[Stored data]
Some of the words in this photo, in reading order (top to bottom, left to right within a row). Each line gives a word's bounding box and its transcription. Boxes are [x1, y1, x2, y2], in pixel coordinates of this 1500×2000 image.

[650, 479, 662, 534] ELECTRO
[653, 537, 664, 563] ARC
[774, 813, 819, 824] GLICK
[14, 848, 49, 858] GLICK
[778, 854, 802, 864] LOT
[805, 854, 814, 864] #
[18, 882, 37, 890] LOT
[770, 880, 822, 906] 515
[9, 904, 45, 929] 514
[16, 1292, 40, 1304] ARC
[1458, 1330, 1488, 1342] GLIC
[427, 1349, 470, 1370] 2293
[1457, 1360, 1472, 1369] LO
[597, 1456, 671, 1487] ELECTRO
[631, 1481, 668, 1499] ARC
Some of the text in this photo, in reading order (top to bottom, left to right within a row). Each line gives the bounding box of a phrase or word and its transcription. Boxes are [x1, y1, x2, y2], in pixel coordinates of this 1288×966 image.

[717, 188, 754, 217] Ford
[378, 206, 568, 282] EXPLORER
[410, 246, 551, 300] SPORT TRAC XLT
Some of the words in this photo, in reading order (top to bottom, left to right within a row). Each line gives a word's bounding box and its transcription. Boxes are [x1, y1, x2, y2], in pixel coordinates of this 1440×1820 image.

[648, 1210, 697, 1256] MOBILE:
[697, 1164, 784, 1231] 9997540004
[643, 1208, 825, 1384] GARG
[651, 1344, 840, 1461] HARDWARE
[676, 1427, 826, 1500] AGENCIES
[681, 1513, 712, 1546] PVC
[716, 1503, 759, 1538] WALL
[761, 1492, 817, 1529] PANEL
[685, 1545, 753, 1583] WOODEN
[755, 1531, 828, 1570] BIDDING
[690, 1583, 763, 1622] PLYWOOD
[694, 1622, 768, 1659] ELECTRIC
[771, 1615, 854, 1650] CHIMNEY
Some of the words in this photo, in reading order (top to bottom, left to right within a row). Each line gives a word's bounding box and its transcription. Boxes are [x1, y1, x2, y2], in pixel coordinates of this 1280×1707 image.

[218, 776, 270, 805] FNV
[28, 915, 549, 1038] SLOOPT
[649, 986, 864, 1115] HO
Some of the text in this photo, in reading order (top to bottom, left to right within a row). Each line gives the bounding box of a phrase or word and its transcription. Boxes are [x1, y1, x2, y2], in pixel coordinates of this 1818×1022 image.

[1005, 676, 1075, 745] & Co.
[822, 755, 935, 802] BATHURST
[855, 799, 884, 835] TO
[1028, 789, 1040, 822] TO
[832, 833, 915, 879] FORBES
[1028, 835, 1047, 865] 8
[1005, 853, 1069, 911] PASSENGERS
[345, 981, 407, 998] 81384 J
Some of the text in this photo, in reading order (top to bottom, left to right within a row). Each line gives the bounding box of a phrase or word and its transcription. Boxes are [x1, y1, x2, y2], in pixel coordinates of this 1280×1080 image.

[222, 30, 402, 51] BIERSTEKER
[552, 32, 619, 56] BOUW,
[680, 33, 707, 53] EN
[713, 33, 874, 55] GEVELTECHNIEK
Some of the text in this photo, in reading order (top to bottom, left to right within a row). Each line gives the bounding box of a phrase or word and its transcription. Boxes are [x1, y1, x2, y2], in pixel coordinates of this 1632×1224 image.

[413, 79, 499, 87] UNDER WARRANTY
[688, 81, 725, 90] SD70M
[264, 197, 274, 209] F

> PROBLEM DETAILS
Every line above needs to be repeated exactly as shown.

> RESULT
Some of the words in this photo, in reading order (top to bottom, left to right within a row). Each line gives a word's bounding box and its transcription. Boxes are [x1, y1, x2, y2], in pixel coordinates of this 1500×2000 image.

[650, 479, 662, 534] ELECTRO
[653, 537, 664, 563] ARC
[774, 813, 819, 824] GLICK
[14, 848, 49, 858] GLICK
[778, 854, 802, 864] LOT
[805, 854, 814, 864] #
[18, 882, 37, 890] LOT
[770, 880, 822, 906] 515
[9, 904, 45, 929] 514
[16, 1292, 40, 1304] ARC
[1458, 1330, 1488, 1342] GLIC
[427, 1349, 470, 1370] 2293
[1457, 1360, 1472, 1369] LO
[597, 1456, 671, 1487] ELECTRO
[631, 1481, 668, 1499] ARC
Some of the text in this photo, in reading order (top to bottom, left to right within a row). Each line gives the bounding box of a phrase or word and its transcription. Boxes are [x1, y1, x2, y2], in pixel coordinates of this 1288×966 image.

[717, 188, 754, 217] Ford
[378, 206, 568, 282] EXPLORER
[410, 246, 551, 300] SPORT TRAC XLT
Some of the words in this photo, in reading order (top to bottom, left to right within a row). Each line gives a word's bounding box and its transcription. Boxes are [x1, y1, x2, y2], in pixel coordinates of this 1440×1820 image.

[648, 1210, 697, 1256] MOBILE:
[697, 1164, 784, 1231] 9997540004
[643, 1208, 825, 1384] GARG
[651, 1344, 840, 1461] HARDWARE
[676, 1427, 826, 1500] AGENCIES
[681, 1513, 712, 1546] PVC
[716, 1503, 759, 1538] WALL
[761, 1492, 817, 1529] PANEL
[685, 1545, 753, 1583] WOODEN
[755, 1531, 828, 1570] BIDDING
[690, 1583, 763, 1622] PLYWOOD
[694, 1622, 768, 1659] ELECTRIC
[771, 1615, 854, 1650] CHIMNEY
Some of the words in this photo, in reading order (top to bottom, left to right within a row). Each line gives a word's bounding box and its transcription. Boxes are [x1, y1, x2, y2], in pixel coordinates of this 1280×1707 image.

[218, 776, 270, 805] FNV
[28, 915, 549, 1038] SLOOPT
[649, 986, 864, 1115] HO
Some of the text in this photo, in reading order (top to bottom, left to right within a row). Each line gives the bounding box of a phrase or word and its transcription. Boxes are [x1, y1, x2, y2], in pixel coordinates of this 1818×1022 image.

[1005, 676, 1075, 745] & Co.
[822, 755, 935, 802] BATHURST
[855, 799, 884, 835] TO
[1028, 789, 1040, 822] TO
[832, 833, 915, 879] FORBES
[1028, 835, 1047, 865] 8
[1005, 853, 1069, 911] PASSENGERS
[345, 981, 407, 998] 81384 J
Some of the text in this photo, in reading order (top to bottom, left to right within a row). Each line gives the bounding box of a phrase or word and its transcription. Boxes are [x1, y1, x2, y2], in pixel coordinates of this 1280×1080 image.

[222, 30, 402, 51] BIERSTEKER
[552, 32, 619, 56] BOUW,
[680, 33, 707, 53] EN
[713, 33, 874, 55] GEVELTECHNIEK
Some of the text in this photo, in reading order (top to bottom, left to right within a row). Each line gives the bounding box of a phrase or word and its transcription. Boxes are [x1, y1, x2, y2], in pixel coordinates of this 1632×1224 image.

[413, 79, 499, 87] UNDER WARRANTY
[688, 81, 725, 90] SD70M
[264, 197, 274, 209] F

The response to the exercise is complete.